WHAT IS BEING ASKED
Every line below must be reproduced exactly; no pictures are to be included.

Content starts

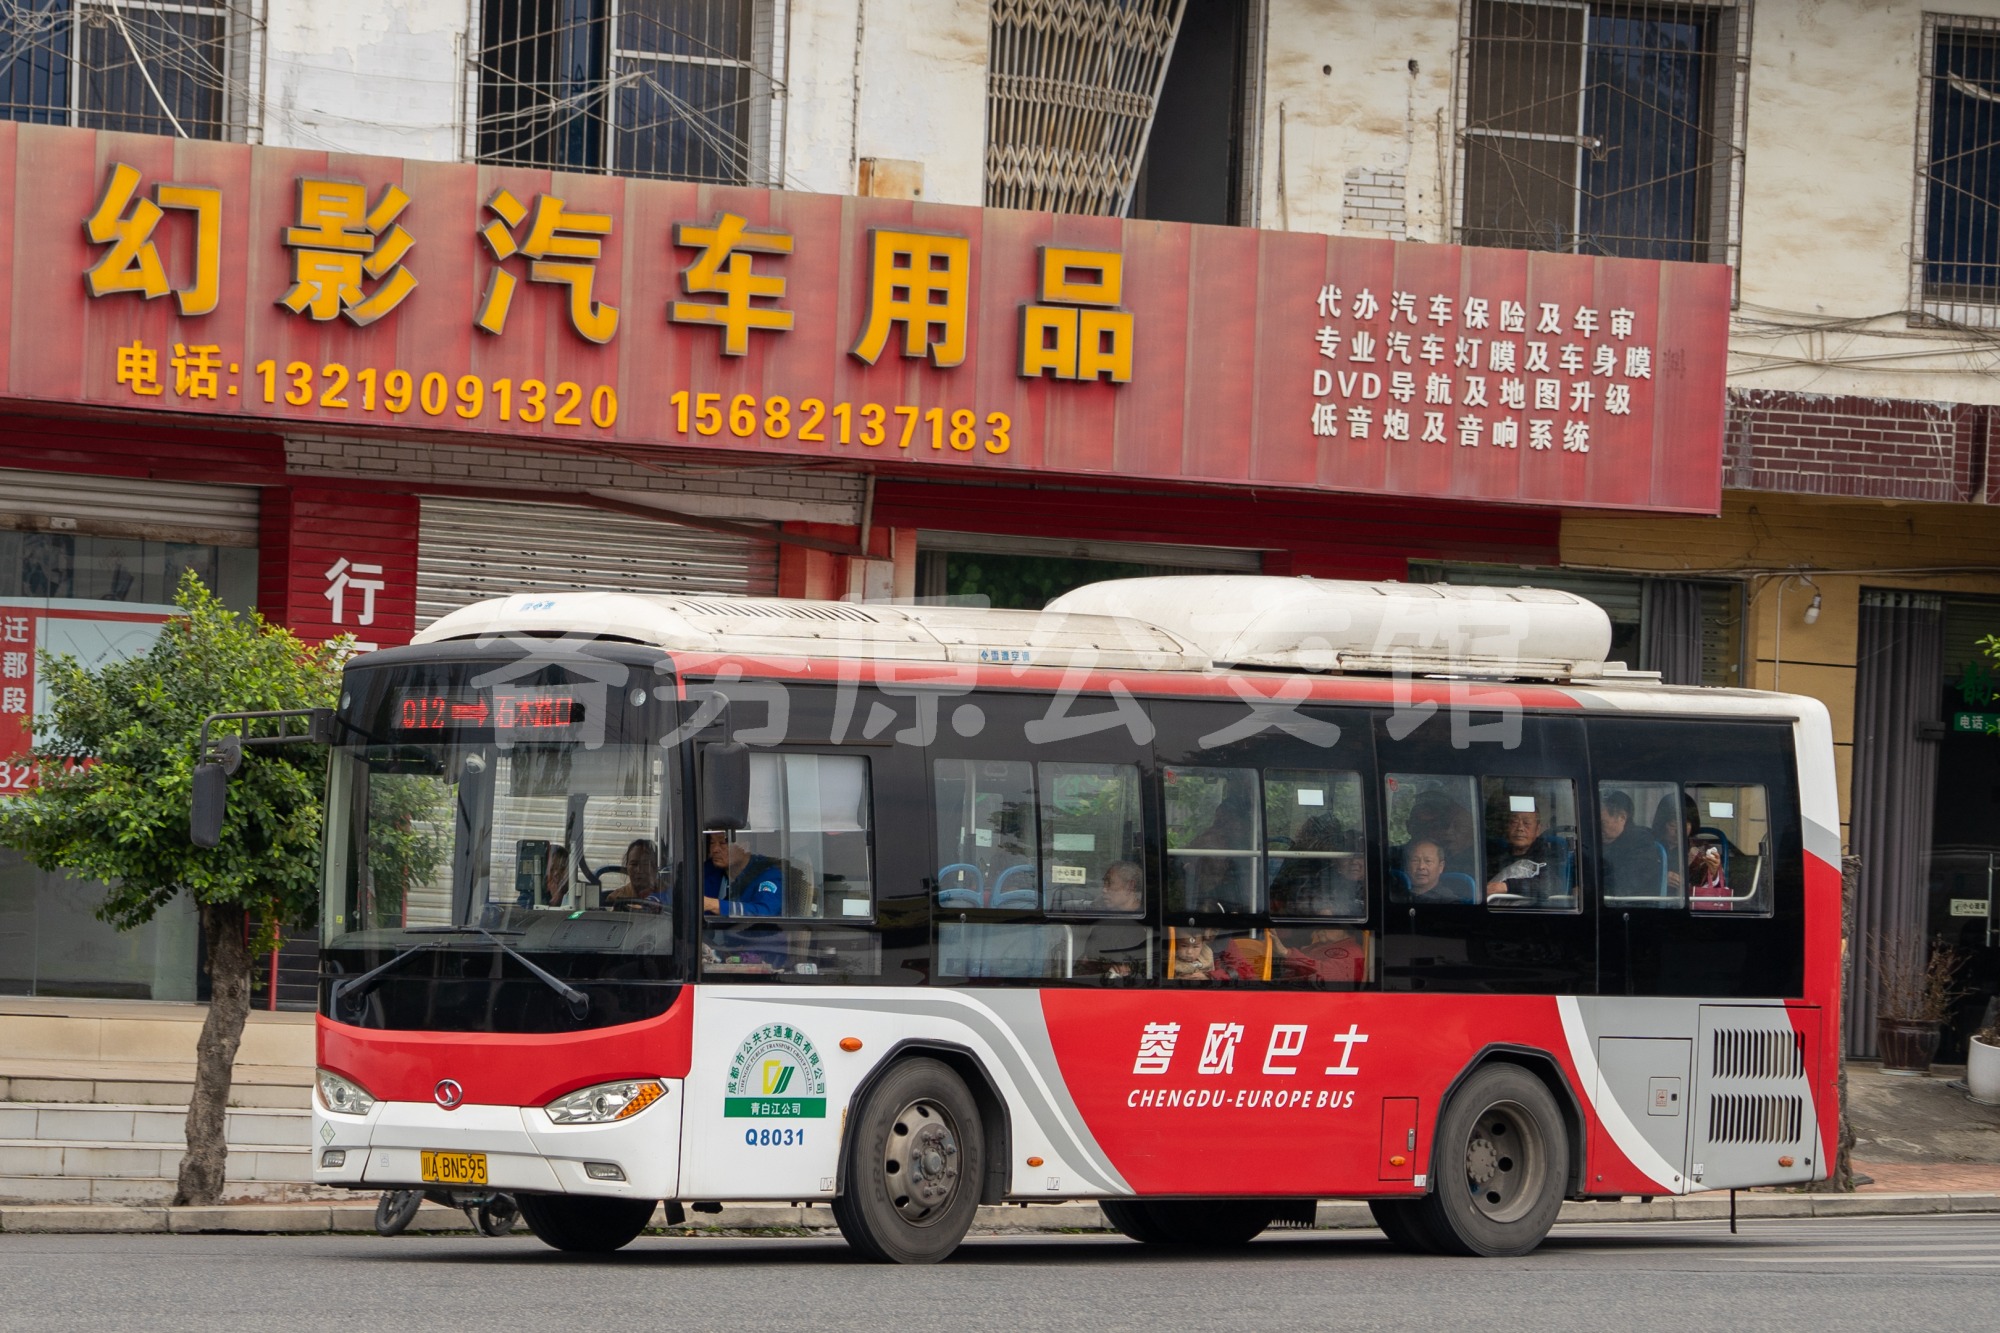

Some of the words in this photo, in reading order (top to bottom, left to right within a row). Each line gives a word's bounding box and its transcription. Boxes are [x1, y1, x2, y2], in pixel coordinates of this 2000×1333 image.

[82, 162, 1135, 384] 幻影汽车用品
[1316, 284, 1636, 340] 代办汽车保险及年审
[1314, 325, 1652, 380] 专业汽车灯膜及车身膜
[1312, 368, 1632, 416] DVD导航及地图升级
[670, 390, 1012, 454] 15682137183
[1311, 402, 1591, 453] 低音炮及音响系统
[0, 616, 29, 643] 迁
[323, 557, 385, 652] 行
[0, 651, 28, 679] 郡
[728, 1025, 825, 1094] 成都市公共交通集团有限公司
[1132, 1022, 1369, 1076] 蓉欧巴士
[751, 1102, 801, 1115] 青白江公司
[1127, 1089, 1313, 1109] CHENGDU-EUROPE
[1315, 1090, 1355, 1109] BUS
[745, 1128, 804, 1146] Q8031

Content ends

EXERCISE SOLUTION
Some of the words in this photo, in reading order (top to bottom, left to right within a row). Each line gives a word's bounding box and its transcription. Boxes are [x1, y1, x2, y2], in pixel coordinates of this 2000×1333 image.

[82, 162, 1135, 384] 幻影汽车用品
[1316, 284, 1636, 340] 代办汽车保险及年审
[1314, 325, 1652, 380] 专业汽车灯膜及车身膜
[1312, 368, 1632, 416] DVD导航及地图升级
[670, 390, 1012, 454] 15682137183
[1311, 402, 1591, 453] 低音炮及音响系统
[0, 616, 29, 643] 迁
[323, 557, 385, 652] 行
[0, 651, 28, 679] 郡
[728, 1025, 825, 1094] 成都市公共交通集团有限公司
[1132, 1022, 1369, 1076] 蓉欧巴士
[751, 1102, 801, 1115] 青白江公司
[1127, 1089, 1313, 1109] CHENGDU-EUROPE
[1315, 1090, 1355, 1109] BUS
[745, 1128, 804, 1146] Q8031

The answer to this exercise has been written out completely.